Kumar Nigam et al. [
38] showed that cement-stabilised red mud exhibited increased specific gravity, reduced plasticity, and higher elasticity modulus, albeit with brittleness at higher cement dosages. Barati et al. [
39] observed similar improvements in iron ore tailings treated with cement and bentonite. Sinha et al. [
40] confirmed the suitability of cement-stabilised zinc tailings for structural fill applications, with UCS, CBR, and modulus values meeting pavement standards. Manjarrez and Zhang [
41] explored geopolymerisation for copper mine tailings, showing UCS sensitivity to NaOH concentration and moisture content. Stabilised mine waste in base and subbase layers generally meets required mechanical thresholds while significantly reducing heavy metal leaching—often achieving immobilisation rates above 95%. These outcomes validate the technical and environmental viability of using mine waste in these pavement components.
3.3. Asphalt Mixtures
Incorporating mining waste into asphalt mixtures is an emerging practice aimed at enhancing pavement performance while addressing sustainability. Mining by-products such as red mud, sulphur, silica fume, fly ash, and iron or copper tailings have been used as mineral fillers or modifiers in both hot and cold asphalt mixes. Their pozzolanic and cementitious properties contribute to improvements in stiffness, rutting resistance, and long-term durability [
42,
43].
For example, substituting conventional limestone filler with iron or copper tailings has yielded better high-temperature performance, improved fatigue resistance, and higher Marshall stability. Red mud, particularly in porous asphalt, has enhanced Cantbro loss values and ravelling resistance, reflecting improved durability under water and traffic exposure [
7,
44]. Cold mix asphalt (CMA) applications using red mud in combination with waste glass or reclaimed asphalt pavement (RAP) maintain workability at ambient temperatures, thereby reducing energy costs and emissions. Red mud also improves water resistance and rheological performance in CMA, particularly for low-volume roads in cold climates [
45].
In geopolymer binders and emulsified asphalt, red mud and fly ash combinations show enhanced binder elasticity, water resistance, and deformation tolerance. These systems contribute to eco-friendly cold-applied asphalt suited for maintenance and rehabilitation applications [
19]. Industrial by-products such as GGBFS and steel slag, with their angular texture and mechanical strength, enhance load distribution and skid resistance in high-traffic pavements. Fly ash, especially Class F, improves binder stiffness and ageing resistance, while sulphur—often used with polyethylene or rubber—enhances binder crosslinking, resulting in increased stiffness, thermal stability, and rutting control [
46]. These modifications not only improve mechanical performance but also offer significant environmental benefits by reducing reliance on virgin materials, lowering emissions, and enabling the productive reuse of industrial waste.
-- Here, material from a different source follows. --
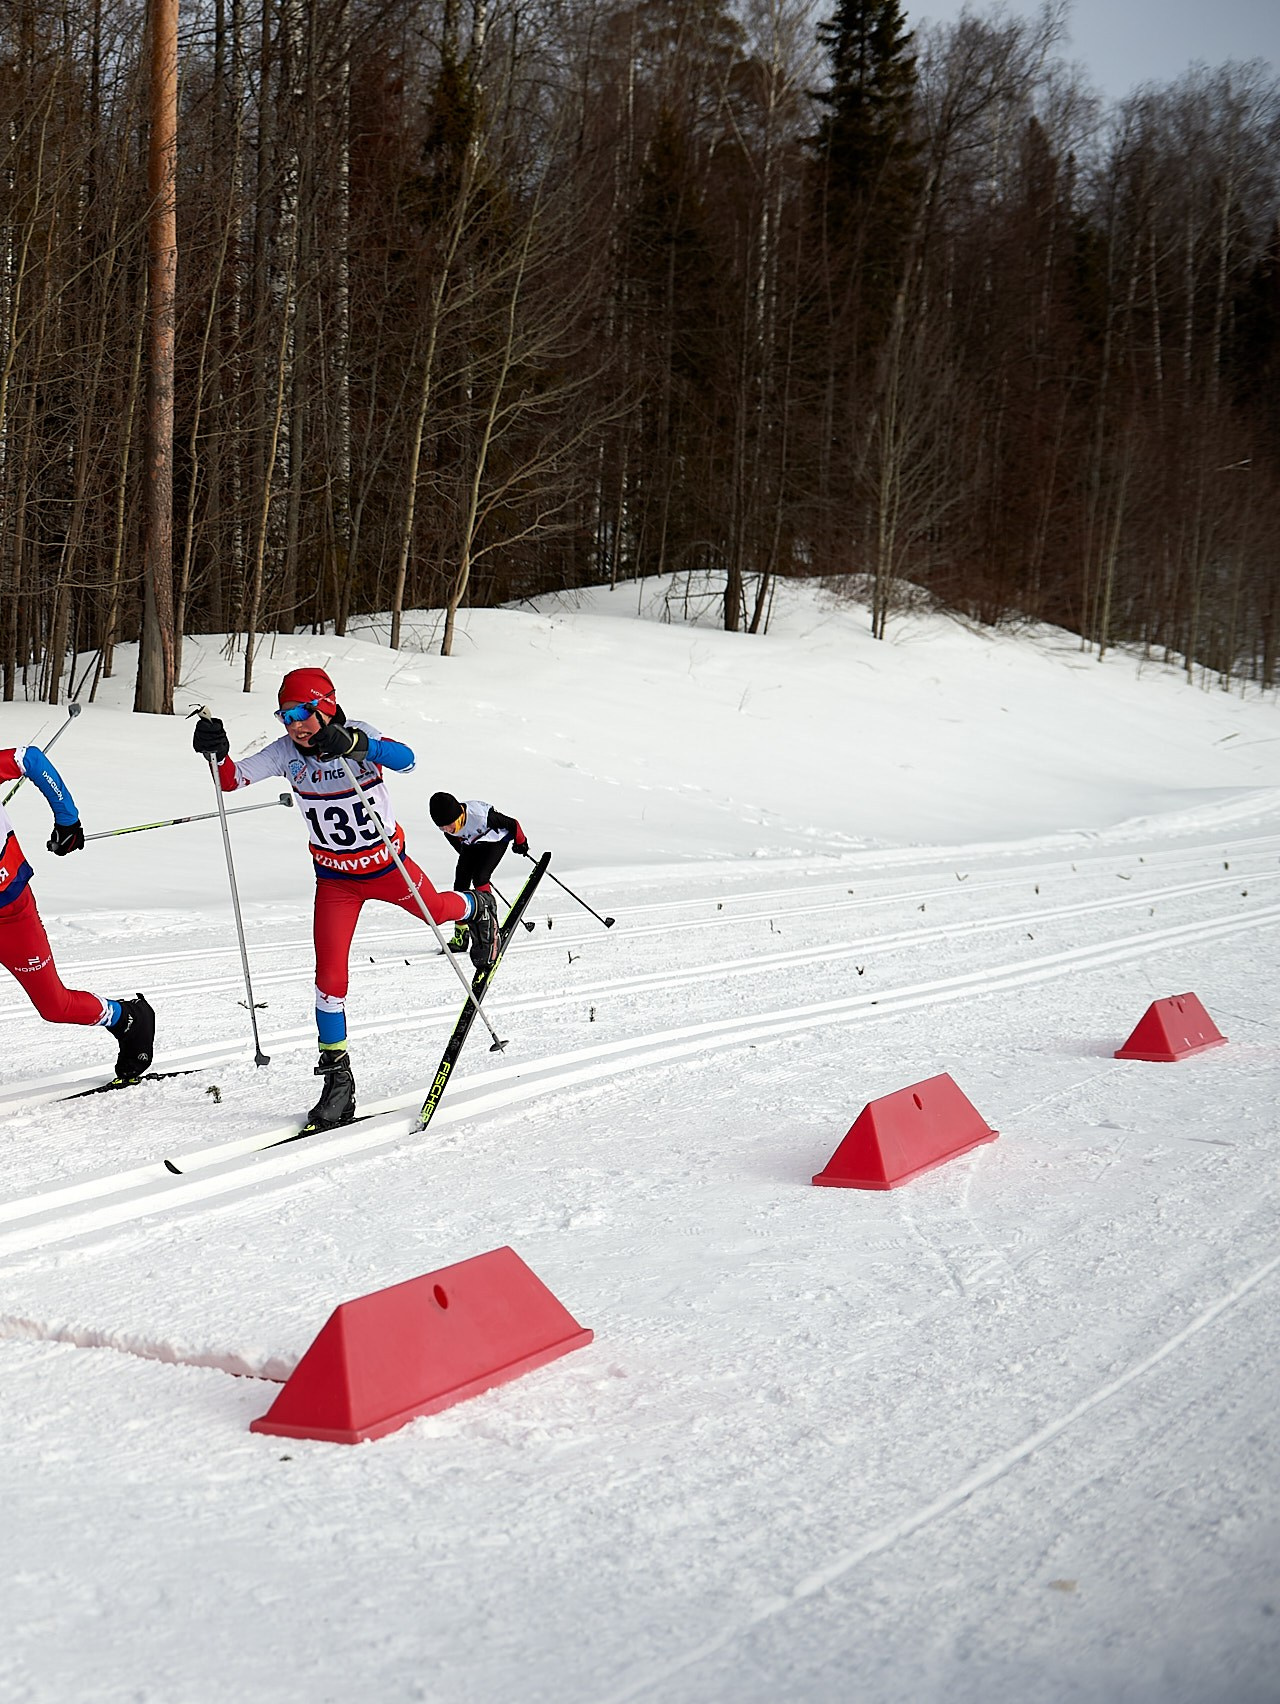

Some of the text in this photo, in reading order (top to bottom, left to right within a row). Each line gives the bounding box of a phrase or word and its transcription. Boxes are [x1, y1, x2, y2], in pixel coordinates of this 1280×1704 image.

3.4. Concrete Pavements (Rigid Pavements)
Mining by-products such as red mud, lithium slag, steel slag, and silica fume have shown considerable promise in rigid pavement applications, particularly as partial substitutes for cement or aggregates in roller-compacted concrete (RCC). Their inclusion enhances mechanical performance, improves durability, and supports sustainability objectives by diverting industrial waste from landfills.
Red mud and ferrochrome slag have been effectively used in RCC mixtures, producing compressive strengths exceeding 32 MPa and demonstrating improved abrasion resistance and structural integrity [
8]. The use of red mud in combination with reclaimed asphalt pavement (RAP) has been found to improve water absorption and abrasion resistance, further confirming its suitability for rigid pavement layers [
47].
Lithium slag, used as a partial cement replacement, enhances both compressive strength and transport properties of concrete. Its pozzolanic activity and fine particle characteristics contribute to the development of a dense microstructure and beneficial hydration products, which improve long-term performance [
48]. Steel slag has also been incorporated into rigid pavement applications, offering high durability, excellent load-bearing capacity, and enhanced resistance to abrasion and impact. In addition to improving mechanical properties, its use helps reduce cement demand and associate carbon emissions, contributing to more sustainable concrete solutions.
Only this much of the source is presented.